Datastores Flashcards
What are the two built-in datastores in Azure
Azure Storage blob container and an Azure storage file container
What are the types of dataset you can create
Tabular: The data is read from the dataset as a table. You should use this type of dataset when your data is consistently structured and you want to work with it in common tabular data structures, such as Pandas dataframes
File: The dataset presents a list of file paths that can be read as though from the file system. Use this type of dataset when your data is unstructured, or when you need to process the data at the file level
What can be done to enable historical tracking of datasets when used in experiments?
Datasets can be versioned. You can create a new version by registering it with the same name as previously registered dataset and specifying the create_new_version property
You’ve uploaded some data files to a folder in a blob container, and registered the blob container as a datastore in your Azure Machine Learning workspace. You want to run a script as an experiment that loads the data files and trains a model. What should you do?
Create a data reference for the datastore location and pass it to the script as a parameter.

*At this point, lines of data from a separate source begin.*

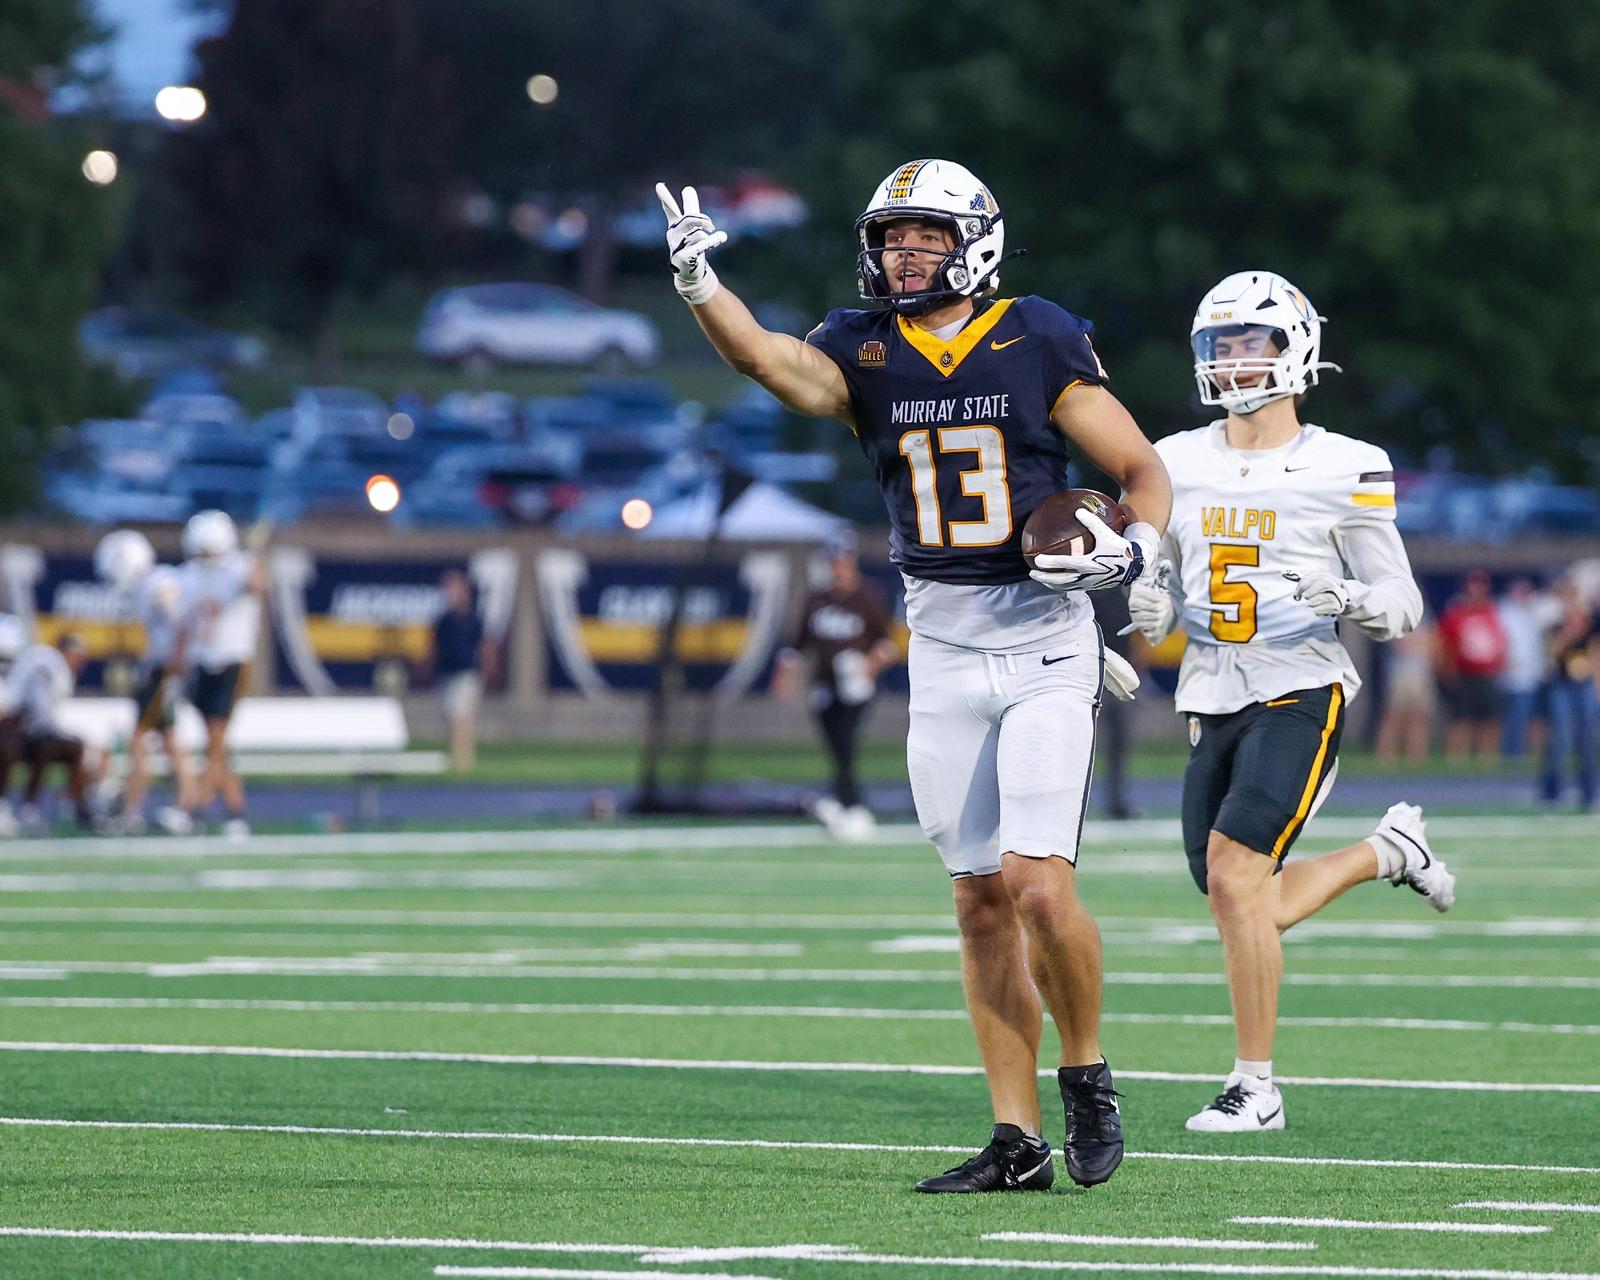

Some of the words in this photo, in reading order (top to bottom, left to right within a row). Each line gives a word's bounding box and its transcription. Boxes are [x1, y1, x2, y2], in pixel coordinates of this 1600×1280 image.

[858, 347, 887, 361] VALLEY
[891, 398, 957, 424] MURRAY
[963, 393, 1009, 420] STATE
[898, 424, 1014, 548] 13
[1201, 507, 1276, 541] VALPO
[1208, 542, 1260, 644] 5
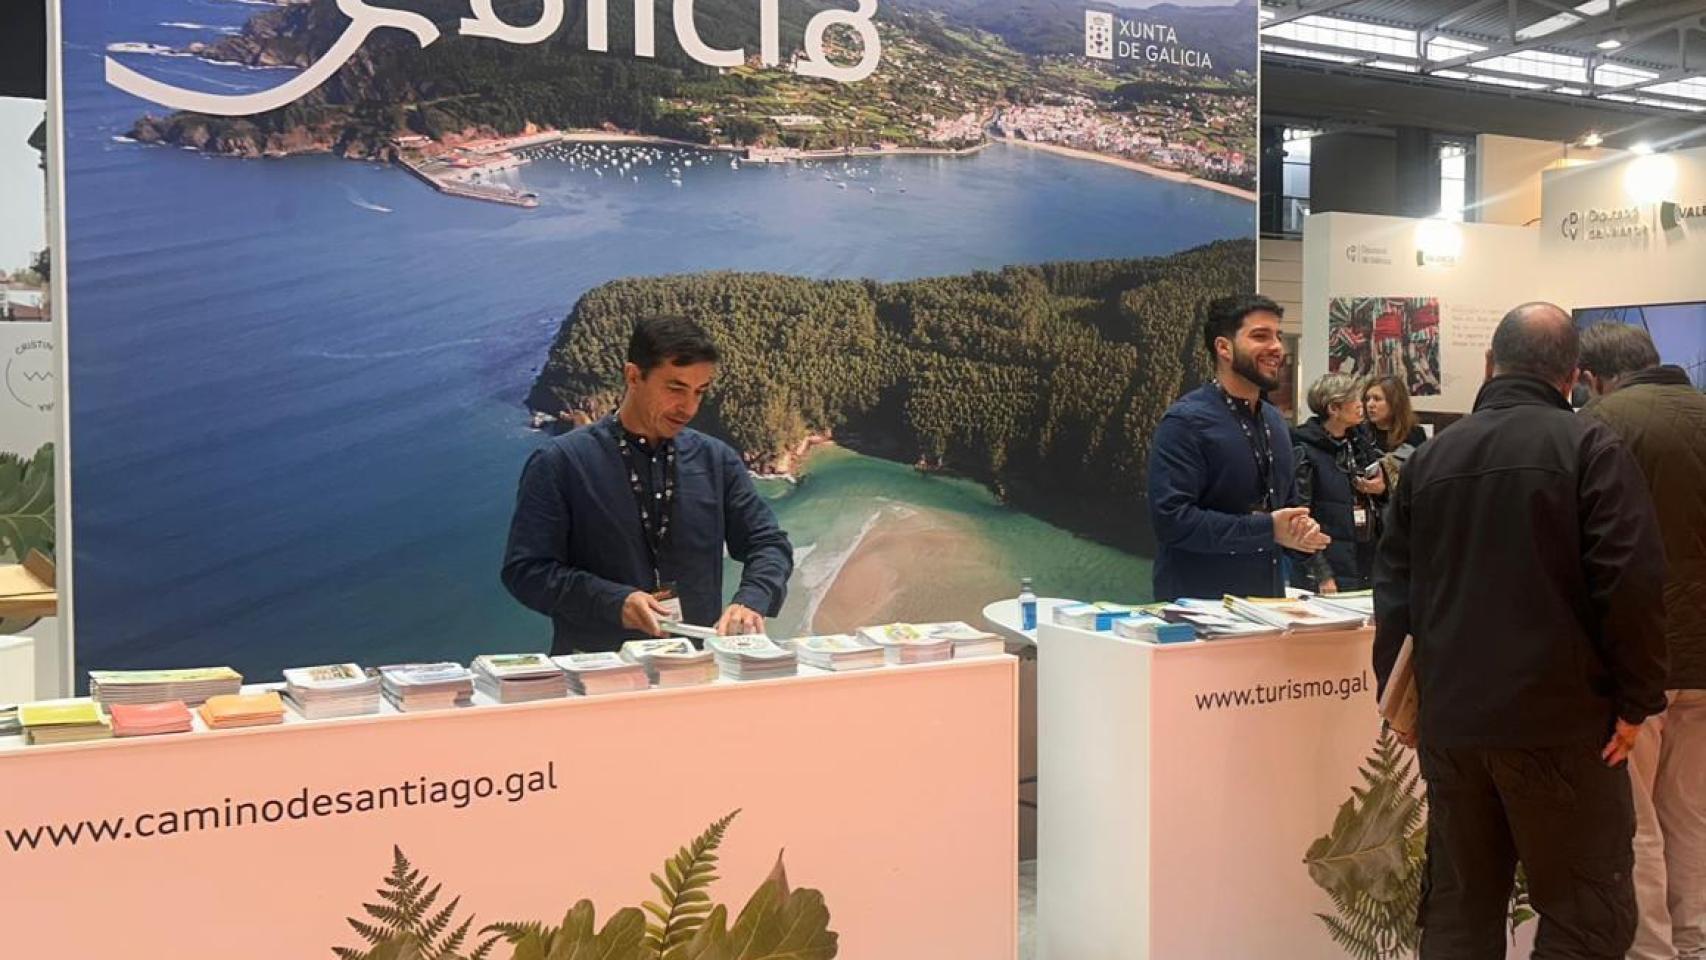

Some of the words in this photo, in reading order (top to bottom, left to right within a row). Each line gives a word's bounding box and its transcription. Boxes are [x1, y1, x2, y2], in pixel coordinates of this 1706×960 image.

To access a path in a datastore in an experiment script, you must create a data reference and pass it to the script as a parameter. The script can then read data from the data reference parameter just like a local file path.
You’ve registered a dataset in your workspace. You want to use the dataset in an experiment script that is run using an estimator. What should you do?
Pass the dataset as a named input to the estimator.
To access a dataset in an experiment script, pass the dataset as a named input to the estimator.